**WORK TO BE COMPLETED:** Each record below must come back exactly as written; its pictures must not.

(Stored data entries)
☆ ☆ ☆ ☆

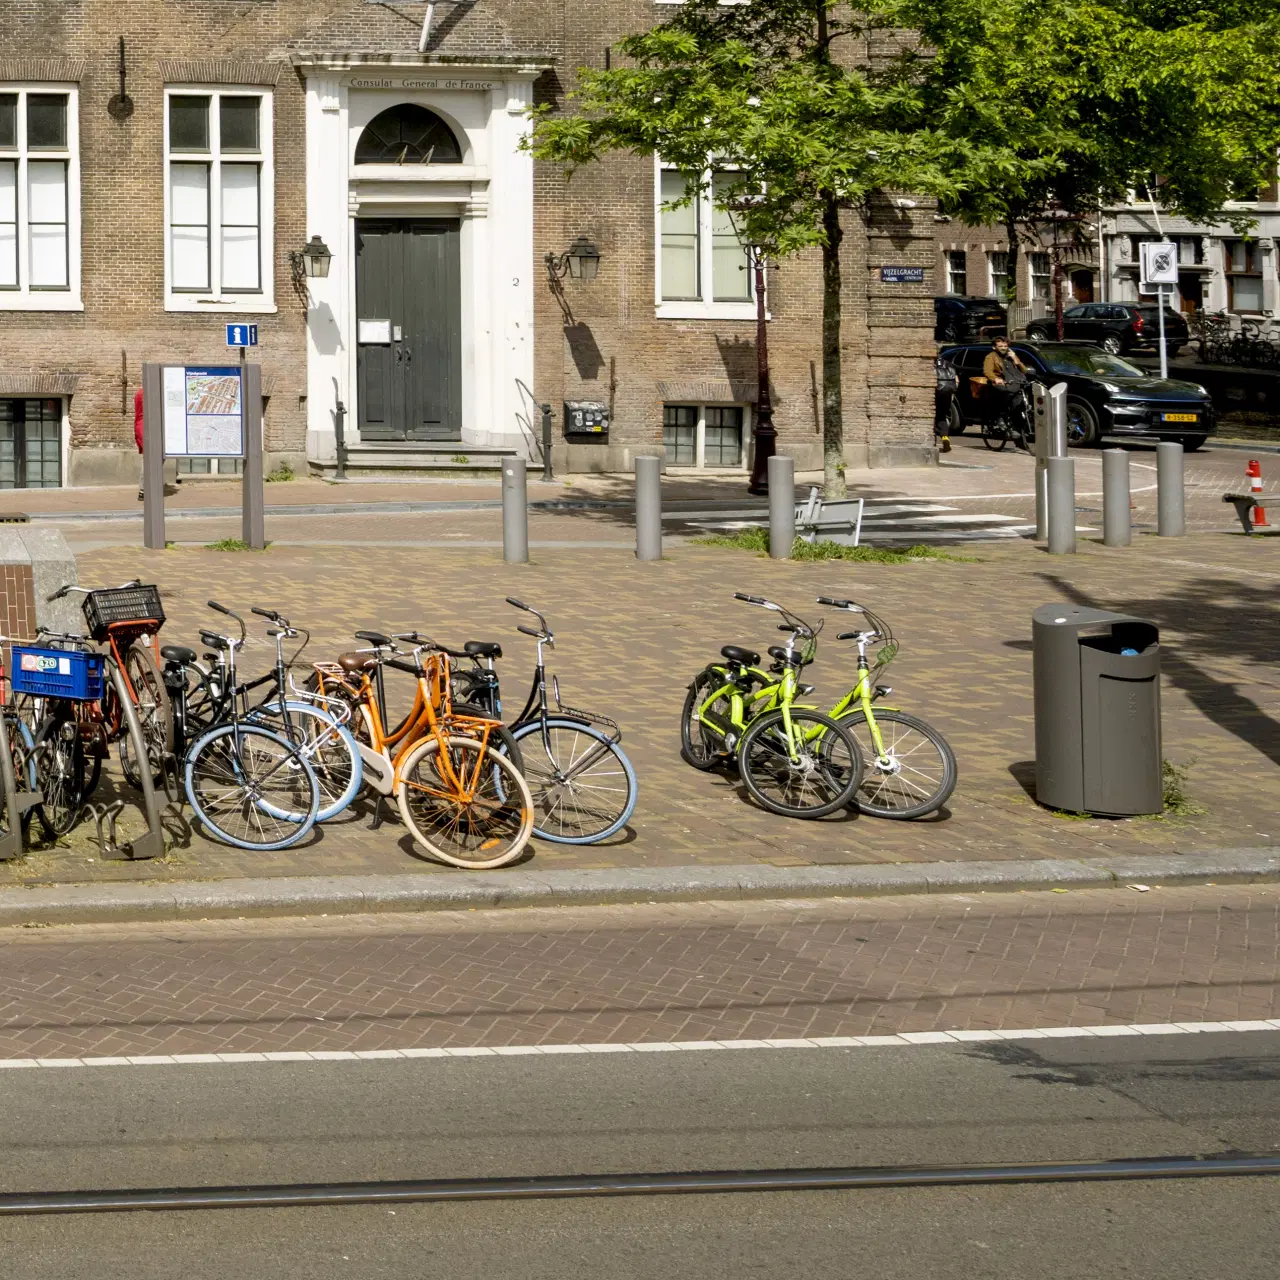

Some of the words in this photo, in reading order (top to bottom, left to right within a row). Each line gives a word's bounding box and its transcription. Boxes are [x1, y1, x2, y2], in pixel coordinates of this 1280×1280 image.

[350, 77, 393, 87] Consulat
[402, 78, 438, 88] General
[445, 79, 458, 89] de
[883, 268, 922, 276] VIJZELGRACHT
[512, 277, 520, 287] 2
[38, 658, 56, 668] 420

☆ ☆ ☆ ☆

**EXPECTED ANSWER:**
Some of the words in this photo, in reading order (top to bottom, left to right within a row). Each line gives a word's bounding box and its transcription. Boxes are [x1, y1, x2, y2], in pixel coordinates of this 1280×1280 image.

[350, 77, 393, 87] Consulat
[402, 78, 438, 88] General
[445, 79, 458, 89] de
[883, 268, 922, 276] VIJZELGRACHT
[512, 277, 520, 287] 2
[38, 658, 56, 668] 420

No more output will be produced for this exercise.